Monday, August 31, 2009

Stay here

Last night was rough. I woke up and alluded my existence to that of a mold, bacteria, or worst of all, a leech. The life is sucked out of me and I'm afraid I suck the life out of those around me with my downtrodden attitude and whispers. I decided in my sleepy-time stupor that there is no reason for me to be here anymore. I cried and cried--Ronald woke up. He held and read to me until I fell back to sleep.

This morning I feel wasted, once again used up like an old peeled sponge. I wait for him to come home--I hold on. I wait for the pills to work--I hold on. The demon looks me straight in the eye, and I hold on.
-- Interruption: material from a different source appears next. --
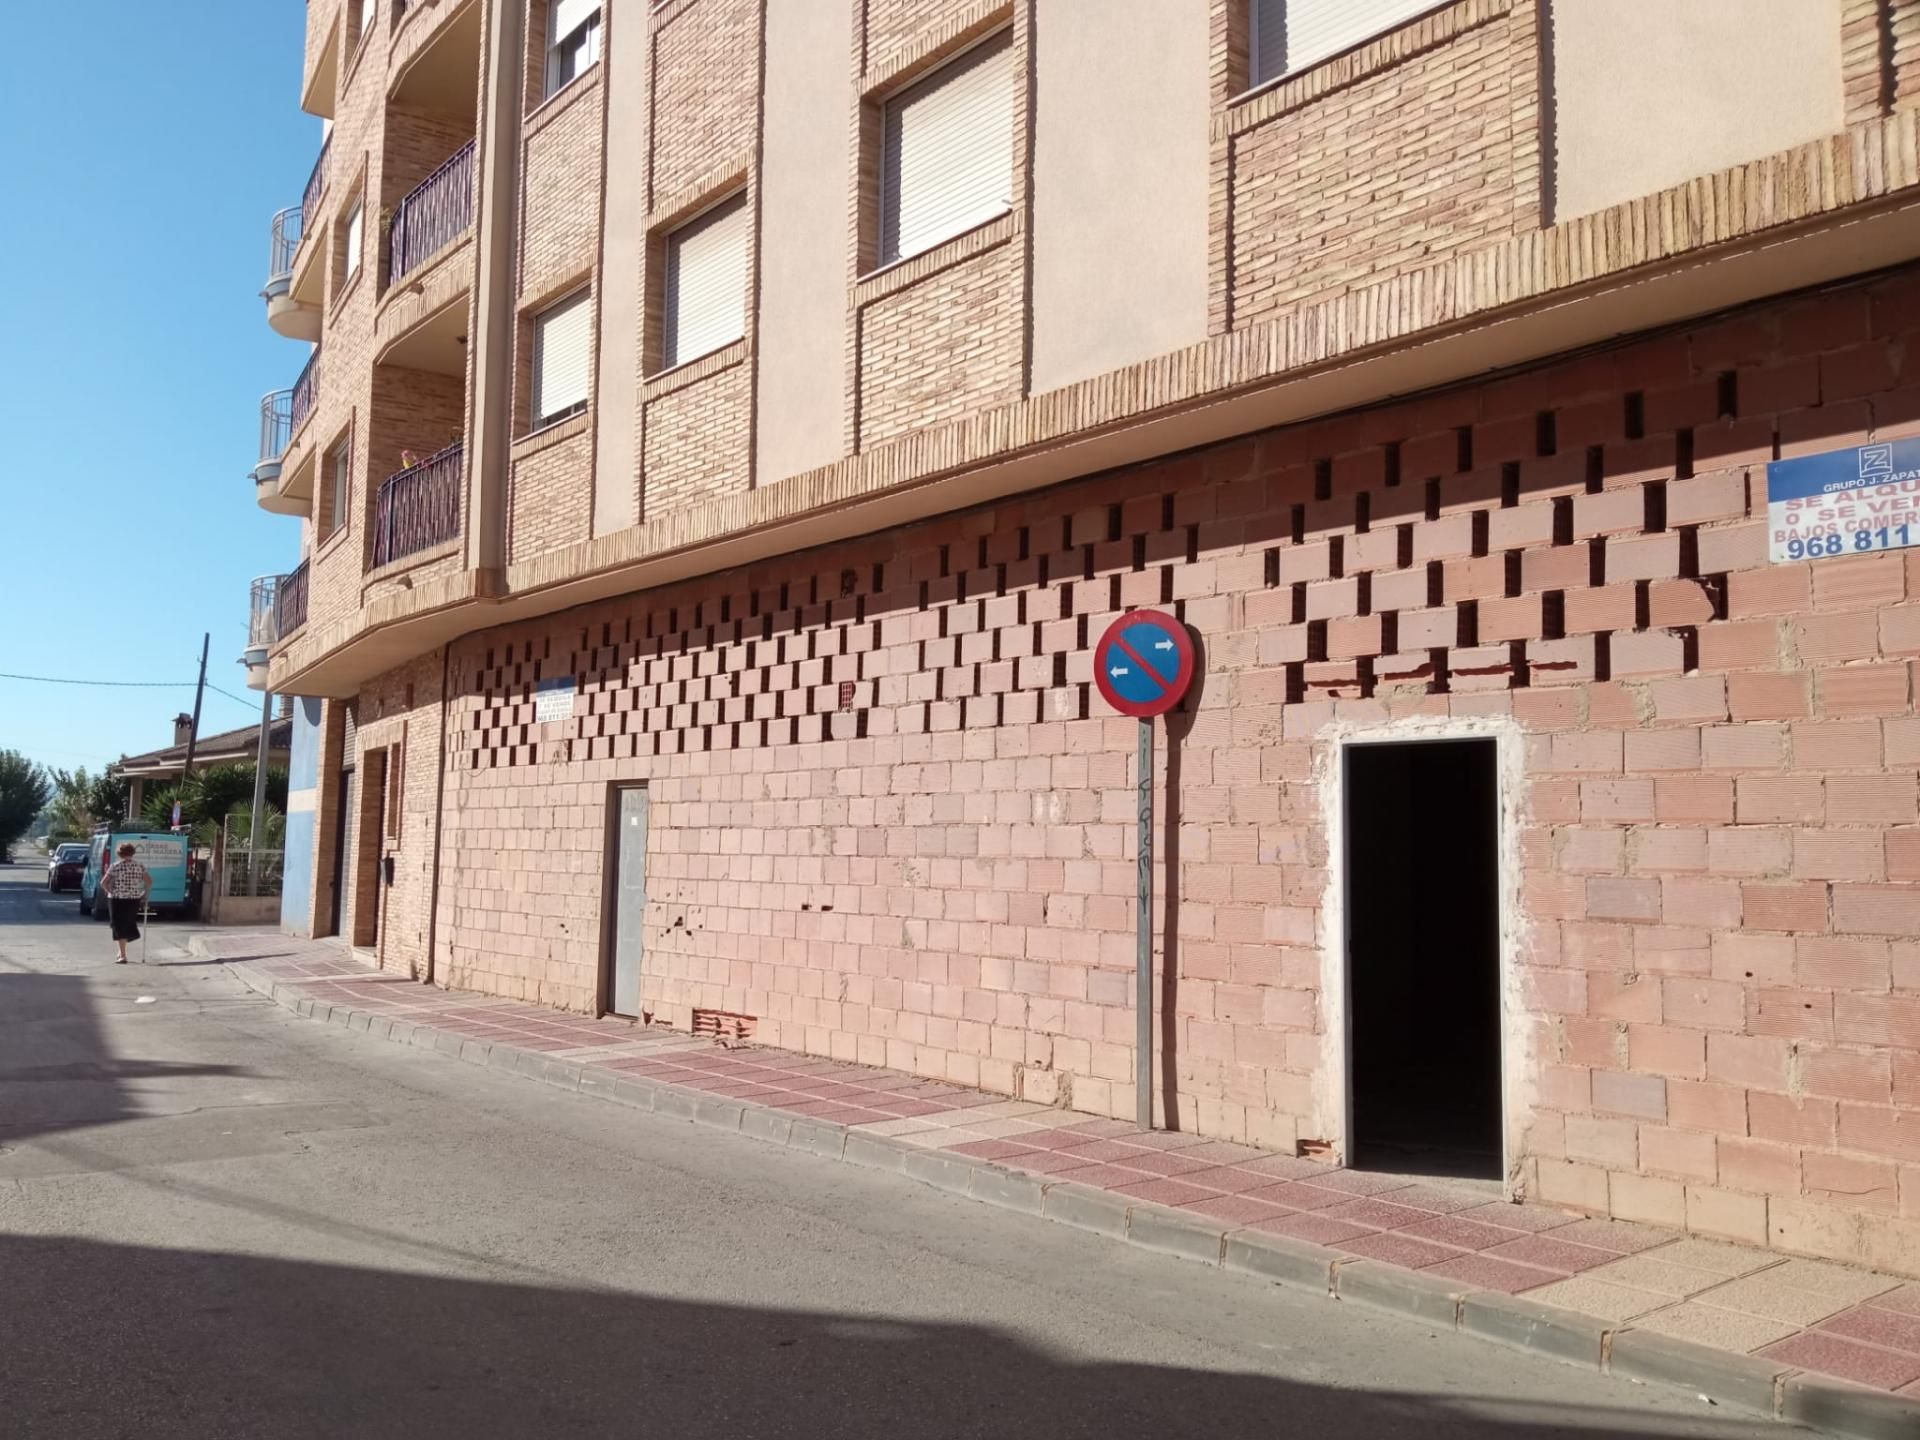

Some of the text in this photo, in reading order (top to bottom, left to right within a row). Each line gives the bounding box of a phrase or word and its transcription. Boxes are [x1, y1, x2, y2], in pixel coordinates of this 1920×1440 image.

To stay in the center, away from any jagged edges. That is the death defying challenge.

Saturday, August 29, 2009

derby

Maker's Mark Mint Julep is going to be the death of me. It is so yummy and reminds me of The Great Gatsby. Today we are going to muddle berries into it and create our own version of a bourbon cobbler.

Ron is over at his parents house helping with yard work and I am home with my little nuzzling cold. Its no fun being sick on a Saturday. Its no fun being sick and depressed at the same time.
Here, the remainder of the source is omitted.